All summer, the small but mighty ACAT (Alaska Community Action on Toxics) team has been preparing for the big trip to Nome and Sivuqaq (St. Lawrence Island). Nome is a small remote town in northeastern Alaska, and Sivuqaq is a small island off the coast near Russia. Sivuqaq consists of three villages. Gambell is on the far side of the island by Russia; Savoonga is near the middle of the island; Northeast Cape is on the end of the island closest to Alaska.
During the Cold War, the United States Military established Aircraft Control and Warning radar stations, the Ballistic Missile Early Warning System, and a line of Distant Early Warning stations on Sivuqaq. Between 1948 and 1956, seven military installations spread about 2500 acres on the native people of Gambell’s land. In 1951 the Native Village of Savoonga granted the Air Force land at Northeast Cape to build a White Alice site. A letter from the Savoonga Tribal Council to Charles Jenus, Area Director, Alaska Native Service, United States Air Force, dated April 7, 1951, shows how the people of Savoonga requested that any garbage or refuge not be dumped in the streams or beaches because it could affect the seal breeding grounds. When the military abandoned the bases, they left behind fuel drums containing petroleum products, containers of PCBs, and above and underground fuel tanks. These toxins contaminated the food sources the Yupik people have hunted and eaten for generations.

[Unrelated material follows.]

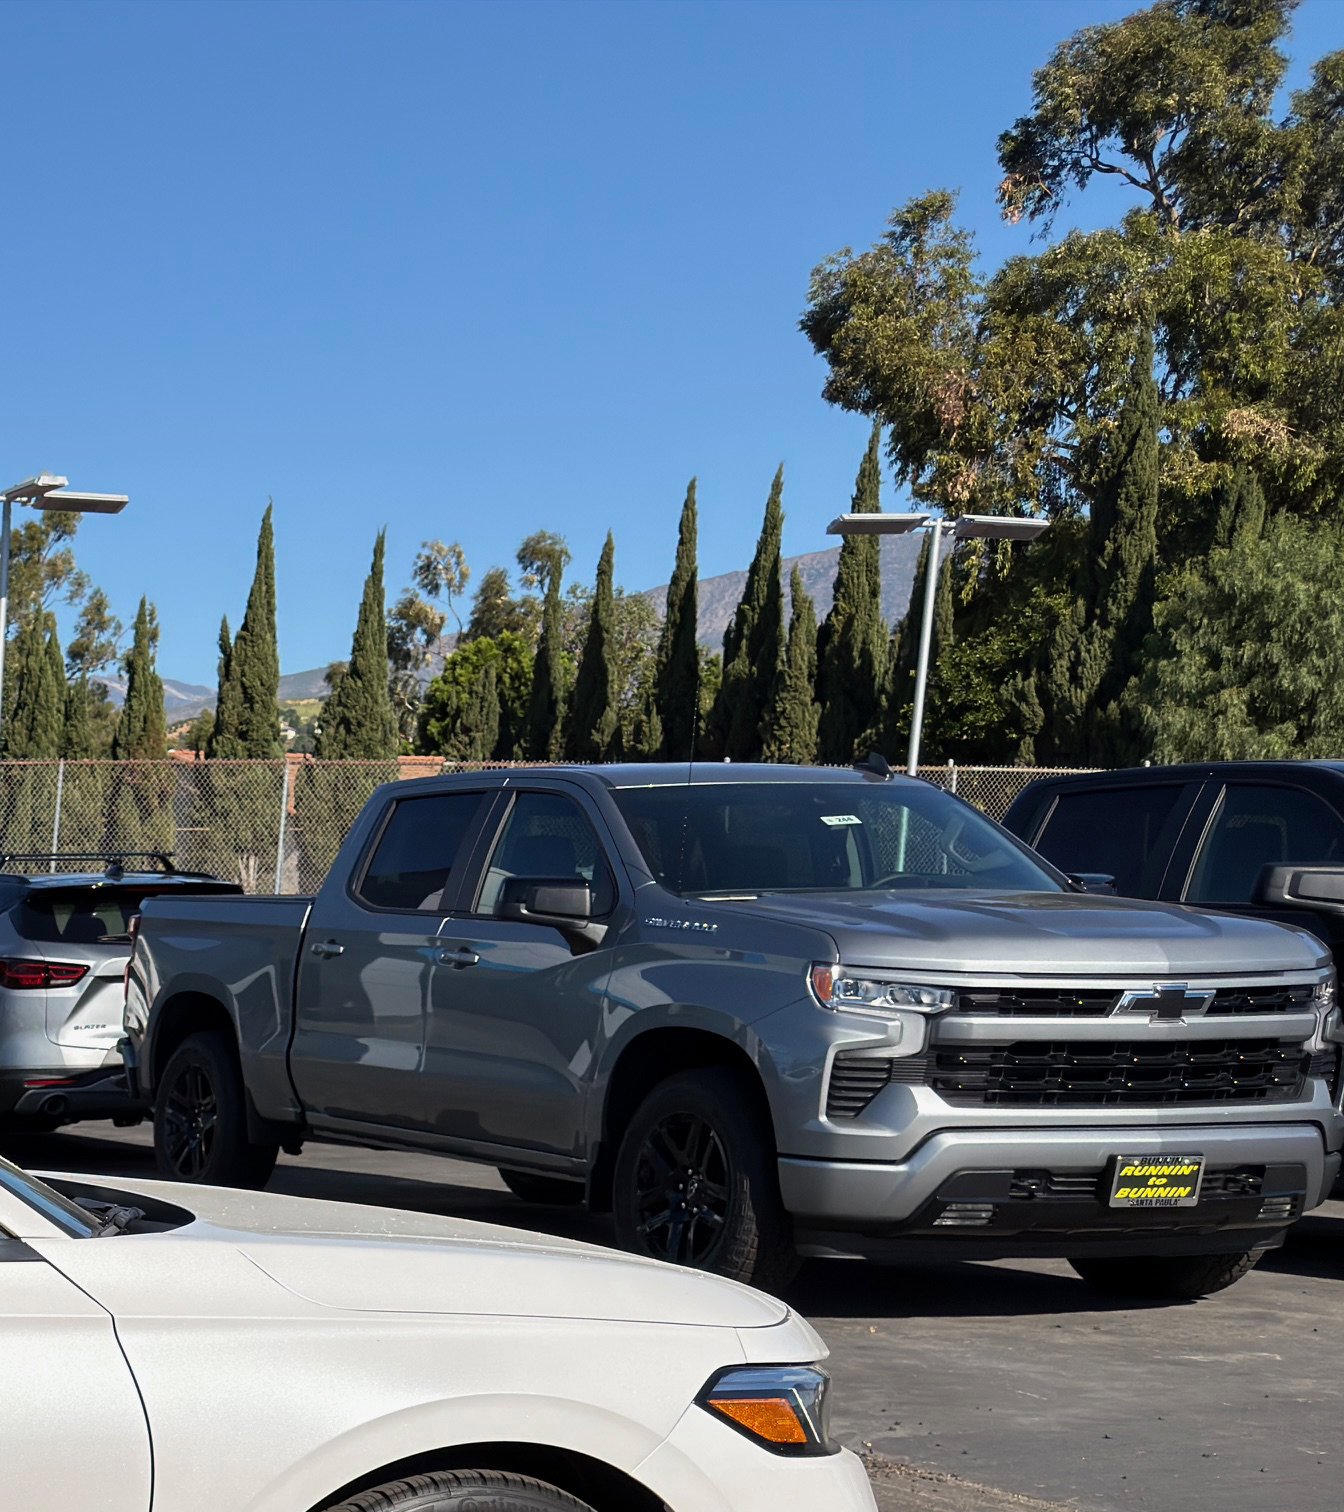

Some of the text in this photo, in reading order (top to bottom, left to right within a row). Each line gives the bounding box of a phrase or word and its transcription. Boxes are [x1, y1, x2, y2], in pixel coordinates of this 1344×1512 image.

[1119, 1165, 1199, 1176] RUNNIN'
[1147, 1176, 1168, 1185] to
[1114, 1186, 1192, 1199] BUNNIN

Between 1985 and 2014, the Army Corps of Engineers spent about $120 million on cleanup. Although in 2014, they determined the cleanup was sufficient, miles of wire, transformers, fuels, heavy metals, asbestos, solvents, and PCBs were left behind. People residing on the island collectively live on contaminated land and eat contaminated food. Due to the contamination, this population of 1,600 (about 800 per community on the island, Gambell and Savoonga) has higher percentages of PCBs and Mercury in their blood and higher rates of cancer than the rest of the United States.

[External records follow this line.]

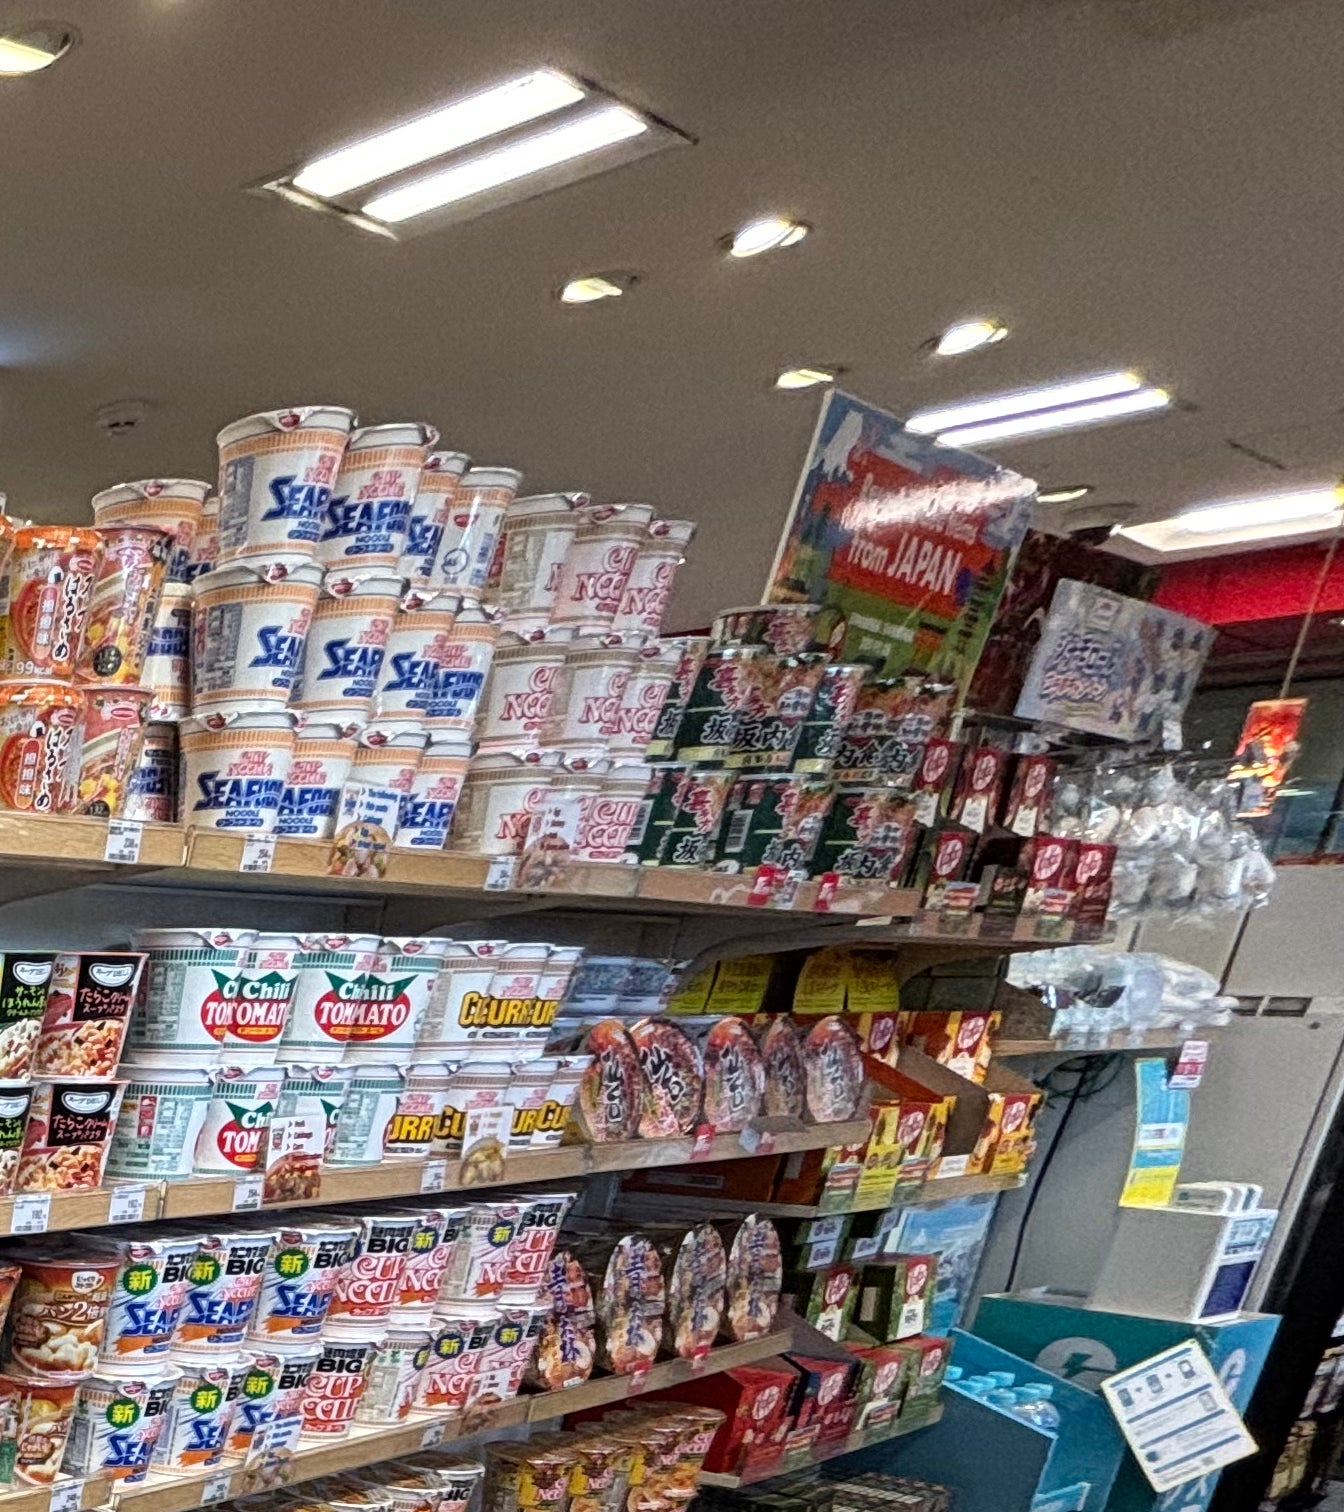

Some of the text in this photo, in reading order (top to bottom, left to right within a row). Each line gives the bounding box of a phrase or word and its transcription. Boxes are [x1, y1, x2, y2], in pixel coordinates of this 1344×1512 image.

[318, 495, 412, 541] SEAFOO
[848, 534, 966, 596] from JAPAN
[40, 594, 54, 651] 担担味
[22, 746, 36, 795] 担担味
[225, 808, 260, 817] NOODLE
[227, 1003, 288, 1024] TOMAT
[226, 1259, 264, 1274] BIG
[280, 1253, 302, 1273] 新
[128, 1270, 151, 1290] 新
[317, 1358, 363, 1372] BIG

The contamination of fish and other local resources is especially hard on the indigenous communities of Sivuqaq because about 70 to 80 percent of families eat traditional food —bowhead whale, walrus, and seals. Despite efforts to call on the U.S Army Corp of Engineers to reevaluate their cleanup efforts with the new data that the community of Sivuqaq and ACAT has collected, there has been no such effort.
Despite the disregard from the United States government, we went to Nome to conduct a field institute. We met about 20 people from the island in Nome and spent the week with them. We spent the mornings in the classroom learning about GPS systems, mercury, PCBs, PFAS, and other contaminants in the area and how to test for them. In the afternoons, we all went to different water sources in the town and tested for contaminants. We took water samples, set up mercury filters to test the air, and set traps for Stickleback fish. The week’s point was to teach people from Sivuqaq how to collect data, proving their environment is contaminated through Western scientific methods.

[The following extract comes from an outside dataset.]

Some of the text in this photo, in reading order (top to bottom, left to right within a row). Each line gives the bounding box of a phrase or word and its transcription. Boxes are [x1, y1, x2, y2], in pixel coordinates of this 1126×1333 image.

Our trip to Northeast Cape was canceled last minute due to runway issues on the island and was rescheduled for next year. Due to this, we headed back to Anchorage a week early. Although this schedule change was disappointing, my week in Nome was terrific. I learned a lot and met amazing people from the Island and around the country.
I love working with ACAT and helping this community fight back against this injustice. Still, I think about how we perpetuate Western science’s power over Indigenous knowledge. The people of Sivuqaq knew their environment was contaminated due to the military sites before we came in and “proved” it with Western science. The United States government only respects data and knowledge if it was found and “proven” through this Western research method. However, we only re-stated the facts the people from Sivuqaq have been saying for decades. Why do we respect and only listen to facts and statements if they have been found through the Western scientific method? There are other methods and ways to know if something is true. I understand that this is the system currently in place. It is helpful to find data through the Western scientific method that supports what the people of Sivuqaq have been saying to hold the government accountable because our legal system only respects and listens to data found through this method. But, I wish there was a way to fight back against the unequal weight we put on Western science.